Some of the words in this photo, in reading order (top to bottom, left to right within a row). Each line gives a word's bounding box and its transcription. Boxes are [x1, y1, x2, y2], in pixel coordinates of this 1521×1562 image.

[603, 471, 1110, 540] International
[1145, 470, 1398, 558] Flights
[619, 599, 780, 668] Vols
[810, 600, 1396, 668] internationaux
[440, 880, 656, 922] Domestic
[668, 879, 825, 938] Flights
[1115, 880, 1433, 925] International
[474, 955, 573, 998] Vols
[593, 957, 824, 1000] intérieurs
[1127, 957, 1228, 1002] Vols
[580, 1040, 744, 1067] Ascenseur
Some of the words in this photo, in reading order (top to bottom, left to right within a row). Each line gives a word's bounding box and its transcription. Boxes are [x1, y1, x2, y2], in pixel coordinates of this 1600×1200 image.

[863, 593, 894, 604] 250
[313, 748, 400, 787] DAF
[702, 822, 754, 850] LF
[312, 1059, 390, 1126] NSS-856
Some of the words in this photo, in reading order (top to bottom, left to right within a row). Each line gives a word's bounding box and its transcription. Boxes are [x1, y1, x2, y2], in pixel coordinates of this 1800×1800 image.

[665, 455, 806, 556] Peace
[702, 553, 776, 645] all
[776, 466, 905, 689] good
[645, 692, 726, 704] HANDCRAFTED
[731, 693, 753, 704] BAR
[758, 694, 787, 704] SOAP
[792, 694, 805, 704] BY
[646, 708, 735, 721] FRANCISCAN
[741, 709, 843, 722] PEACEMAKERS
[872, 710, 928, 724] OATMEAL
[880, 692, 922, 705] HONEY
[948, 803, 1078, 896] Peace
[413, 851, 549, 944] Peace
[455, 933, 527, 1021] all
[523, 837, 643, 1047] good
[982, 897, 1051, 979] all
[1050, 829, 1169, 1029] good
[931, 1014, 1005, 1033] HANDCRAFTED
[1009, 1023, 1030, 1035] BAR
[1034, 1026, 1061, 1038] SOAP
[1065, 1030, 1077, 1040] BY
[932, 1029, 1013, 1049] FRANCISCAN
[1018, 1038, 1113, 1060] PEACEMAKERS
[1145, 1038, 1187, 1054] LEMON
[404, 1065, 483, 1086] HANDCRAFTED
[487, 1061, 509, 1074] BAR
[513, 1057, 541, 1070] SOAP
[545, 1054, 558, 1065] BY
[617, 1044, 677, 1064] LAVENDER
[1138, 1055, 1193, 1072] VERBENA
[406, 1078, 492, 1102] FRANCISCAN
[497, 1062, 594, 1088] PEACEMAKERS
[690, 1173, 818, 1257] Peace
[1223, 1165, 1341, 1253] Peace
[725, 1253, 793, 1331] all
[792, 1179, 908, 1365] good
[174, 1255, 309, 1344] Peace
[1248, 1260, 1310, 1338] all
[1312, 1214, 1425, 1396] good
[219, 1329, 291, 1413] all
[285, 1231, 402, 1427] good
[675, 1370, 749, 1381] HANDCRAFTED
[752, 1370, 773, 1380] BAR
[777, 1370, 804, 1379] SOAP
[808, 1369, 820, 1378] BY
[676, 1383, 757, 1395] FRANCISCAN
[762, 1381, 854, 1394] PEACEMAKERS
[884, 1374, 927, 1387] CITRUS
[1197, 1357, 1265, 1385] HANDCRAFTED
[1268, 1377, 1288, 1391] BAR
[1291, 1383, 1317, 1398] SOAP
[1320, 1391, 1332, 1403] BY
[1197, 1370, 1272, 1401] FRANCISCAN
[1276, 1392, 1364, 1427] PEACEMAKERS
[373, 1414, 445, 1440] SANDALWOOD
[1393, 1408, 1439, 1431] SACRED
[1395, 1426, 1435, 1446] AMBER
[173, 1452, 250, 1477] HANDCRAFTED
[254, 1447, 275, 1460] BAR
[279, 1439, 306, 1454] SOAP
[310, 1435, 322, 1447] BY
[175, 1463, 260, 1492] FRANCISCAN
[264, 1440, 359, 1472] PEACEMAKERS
★ ★ ★ ★ ★ ★ ★
▶ _Work instructions_: Quote each line of the listing above exactly.

▶ _Answer box_:
Some of the words in this photo, in reading order (top to bottom, left to right within a row). Each line gives a word's bounding box and its transcription. Boxes are [x1, y1, x2, y2], in pixel coordinates of this 1521×1562 image.

[603, 471, 1110, 540] International
[1145, 470, 1398, 558] Flights
[619, 599, 780, 668] Vols
[810, 600, 1396, 668] internationaux
[440, 880, 656, 922] Domestic
[668, 879, 825, 938] Flights
[1115, 880, 1433, 925] International
[474, 955, 573, 998] Vols
[593, 957, 824, 1000] intérieurs
[1127, 957, 1228, 1002] Vols
[580, 1040, 744, 1067] Ascenseur
Some of the words in this photo, in reading order (top to bottom, left to right within a row). Each line gives a word's bounding box and its transcription. Boxes are [x1, y1, x2, y2], in pixel coordinates of this 1600×1200 image.

[863, 593, 894, 604] 250
[313, 748, 400, 787] DAF
[702, 822, 754, 850] LF
[312, 1059, 390, 1126] NSS-856
Some of the words in this photo, in reading order (top to bottom, left to right within a row). Each line gives a word's bounding box and its transcription. Boxes are [x1, y1, x2, y2], in pixel coordinates of this 1800×1800 image.

[665, 455, 806, 556] Peace
[702, 553, 776, 645] all
[776, 466, 905, 689] good
[645, 692, 726, 704] HANDCRAFTED
[731, 693, 753, 704] BAR
[758, 694, 787, 704] SOAP
[792, 694, 805, 704] BY
[646, 708, 735, 721] FRANCISCAN
[741, 709, 843, 722] PEACEMAKERS
[872, 710, 928, 724] OATMEAL
[880, 692, 922, 705] HONEY
[948, 803, 1078, 896] Peace
[413, 851, 549, 944] Peace
[455, 933, 527, 1021] all
[523, 837, 643, 1047] good
[982, 897, 1051, 979] all
[1050, 829, 1169, 1029] good
[931, 1014, 1005, 1033] HANDCRAFTED
[1009, 1023, 1030, 1035] BAR
[1034, 1026, 1061, 1038] SOAP
[1065, 1030, 1077, 1040] BY
[932, 1029, 1013, 1049] FRANCISCAN
[1018, 1038, 1113, 1060] PEACEMAKERS
[1145, 1038, 1187, 1054] LEMON
[404, 1065, 483, 1086] HANDCRAFTED
[487, 1061, 509, 1074] BAR
[513, 1057, 541, 1070] SOAP
[545, 1054, 558, 1065] BY
[617, 1044, 677, 1064] LAVENDER
[1138, 1055, 1193, 1072] VERBENA
[406, 1078, 492, 1102] FRANCISCAN
[497, 1062, 594, 1088] PEACEMAKERS
[690, 1173, 818, 1257] Peace
[1223, 1165, 1341, 1253] Peace
[725, 1253, 793, 1331] all
[792, 1179, 908, 1365] good
[174, 1255, 309, 1344] Peace
[1248, 1260, 1310, 1338] all
[1312, 1214, 1425, 1396] good
[219, 1329, 291, 1413] all
[285, 1231, 402, 1427] good
[675, 1370, 749, 1381] HANDCRAFTED
[752, 1370, 773, 1380] BAR
[777, 1370, 804, 1379] SOAP
[808, 1369, 820, 1378] BY
[676, 1383, 757, 1395] FRANCISCAN
[762, 1381, 854, 1394] PEACEMAKERS
[884, 1374, 927, 1387] CITRUS
[1197, 1357, 1265, 1385] HANDCRAFTED
[1268, 1377, 1288, 1391] BAR
[1291, 1383, 1317, 1398] SOAP
[1320, 1391, 1332, 1403] BY
[1197, 1370, 1272, 1401] FRANCISCAN
[1276, 1392, 1364, 1427] PEACEMAKERS
[373, 1414, 445, 1440] SANDALWOOD
[1393, 1408, 1439, 1431] SACRED
[1395, 1426, 1435, 1446] AMBER
[173, 1452, 250, 1477] HANDCRAFTED
[254, 1447, 275, 1460] BAR
[279, 1439, 306, 1454] SOAP
[310, 1435, 322, 1447] BY
[175, 1463, 260, 1492] FRANCISCAN
[264, 1440, 359, 1472] PEACEMAKERS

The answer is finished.